BLBG: Gold Little Changed in Light Trading Before Christmas Holiday
Gold was little changed in thin trade before the Christmas holiday with investors waiting for direction from the dollar and crude oil.
Bullion has advanced more than 9 percent this month as the dollar has fallen 11 percent against the euro, increasing the appeal of the metal as an alternative investment. Crude oil has lost 21 percent this month.
“In the physical market, trade’s extremely thin because of the Christmas and New Year holidays,” Shuji Sugata, research manager at Mitsubishi Corp. Futures & Securities Ltd. in Tokyo, said today by phone.
Bullion for immediate delivery was 34 cents lower at $839.86 an ounce at 12:57 p.m. in Singapore after trading between $837.04 and $841.30. It reached a record $1,032.70 an ounce in March. Silver for immediate delivery rallied for the first time in five days, gaining 0.7 percent to $10.32 an ounce.
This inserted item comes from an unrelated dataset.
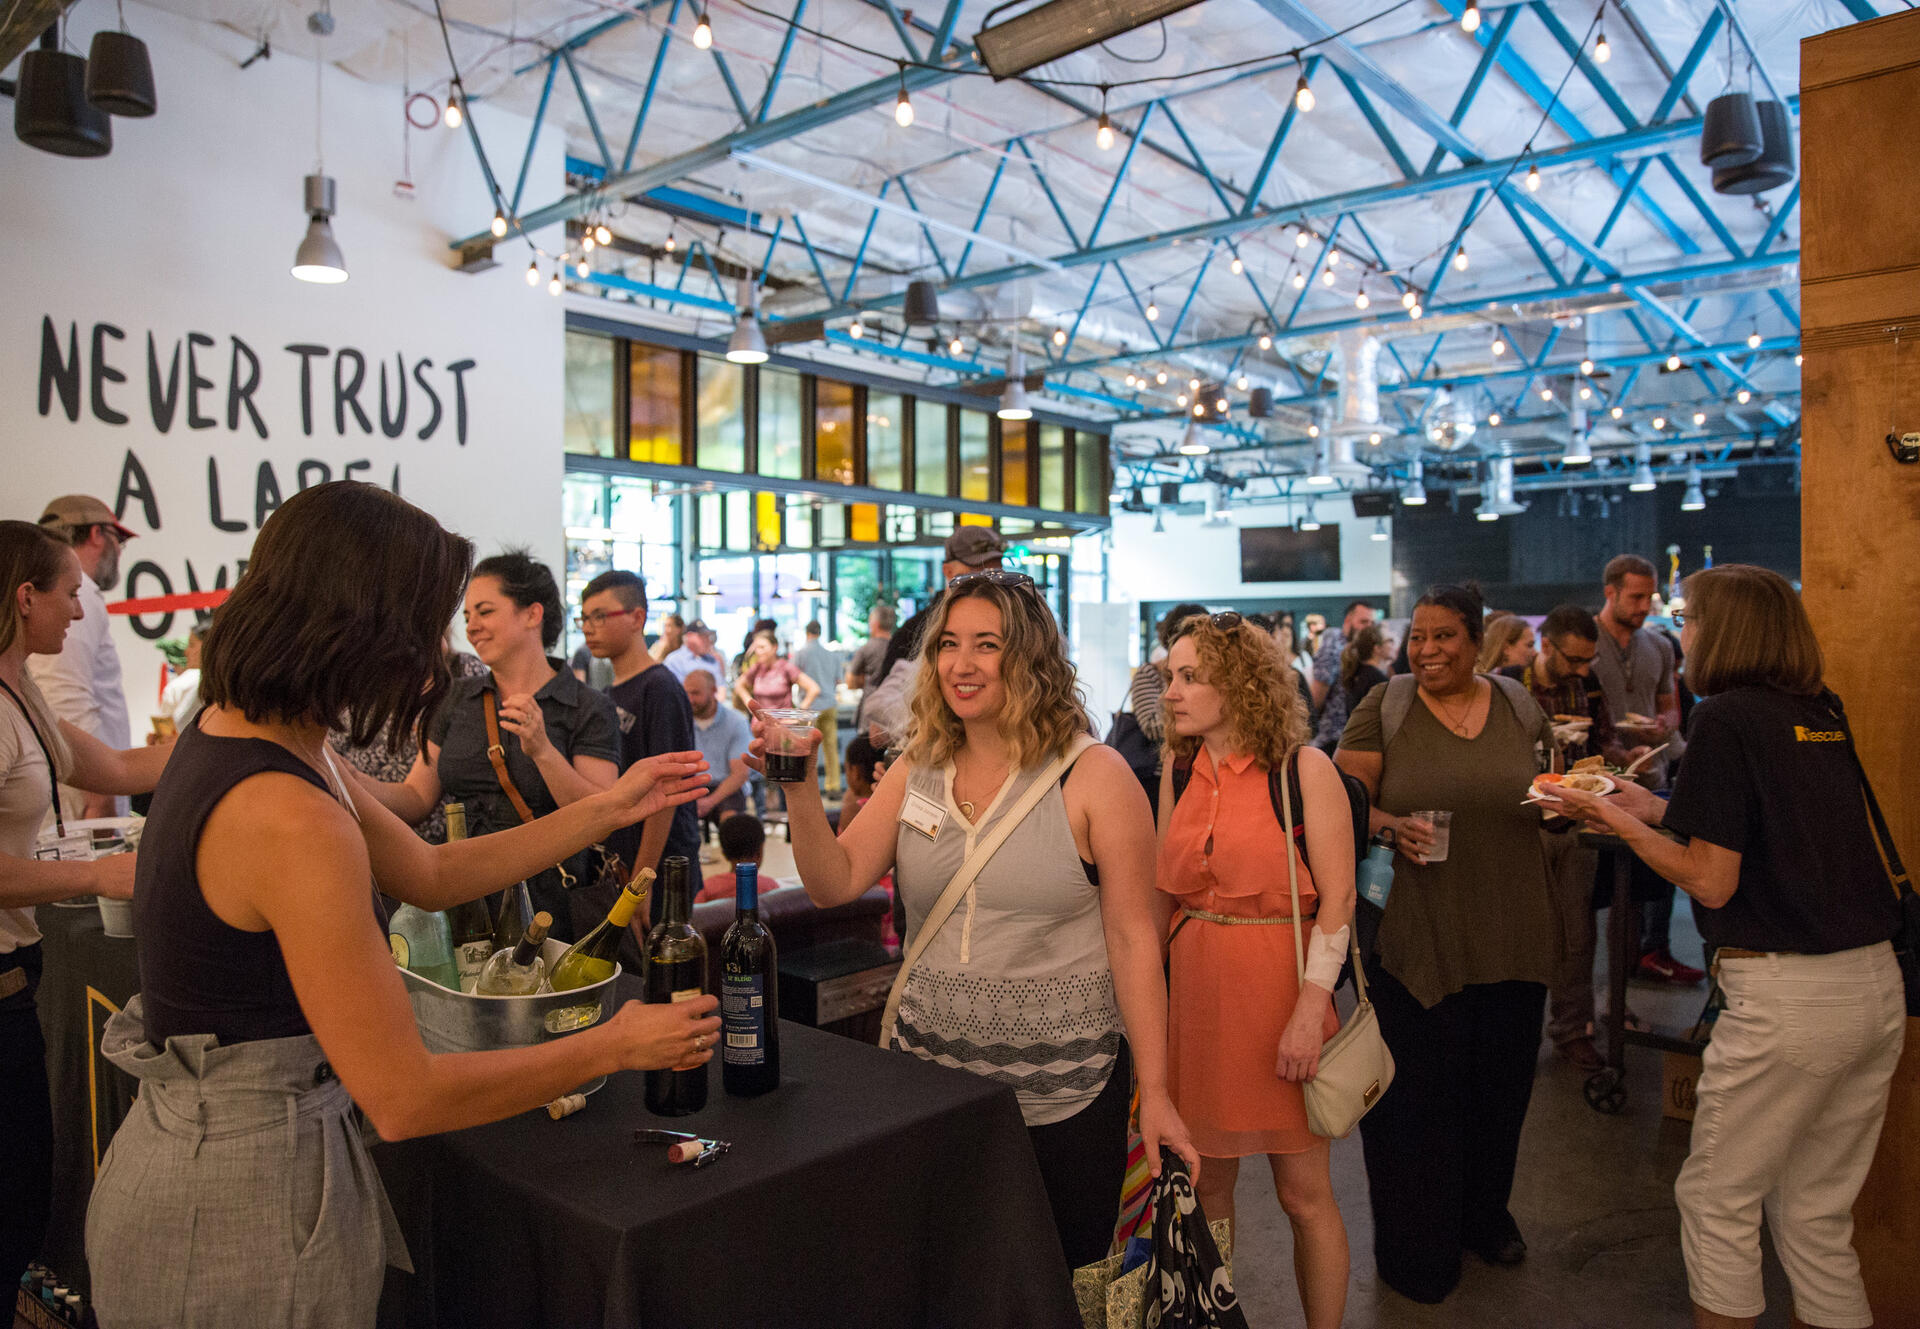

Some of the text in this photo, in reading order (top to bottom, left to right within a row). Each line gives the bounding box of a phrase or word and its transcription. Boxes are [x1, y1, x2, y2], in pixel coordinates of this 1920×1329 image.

[37, 314, 476, 446] NEVER TRUST
[115, 447, 161, 530] A
February-delivery gold gained 0.2 percent to $839.950 an ounce in after-hours electronic trading on the Comex division of the New York Mercantile Exchange.
December-delivery gold on the Tokyo Commodity Exchange was down 0.5 percent at 2,441 yen per gram at 1:58 p.m. local time. December-delivery platinum fell 1.4 percent to 2,451 yen a gram.
Immediate-delivery platinum was down 0.2 percent at $843 an ounce at 1 p.m. Singapore time. Platinum is used in pollution- control devices in cars and trucks.
Crude oil for February delivery rose 0.2 percent to $39.04 a barrel after losing 2.3 percent yesterday. The dollar last traded at $1.3958 per euro from $1.3928 late in New York yesterday.
Toyota Motor Corp. and Honda Motor Co., Japan’s two-largest carmakers, cut global production last month as the deepening recession and a credit crunch damped demand for new automobiles.
Toyota’s output declined 27 percent to 589,505 vehicles in November, led by a 55 percent drop in Europe, the company said. The fall is the biggest in at least two decades, Spokeswoman Yasue Kato said today. Honda’s production dropped 10 percent to 326,176 vehicles, the company said separately.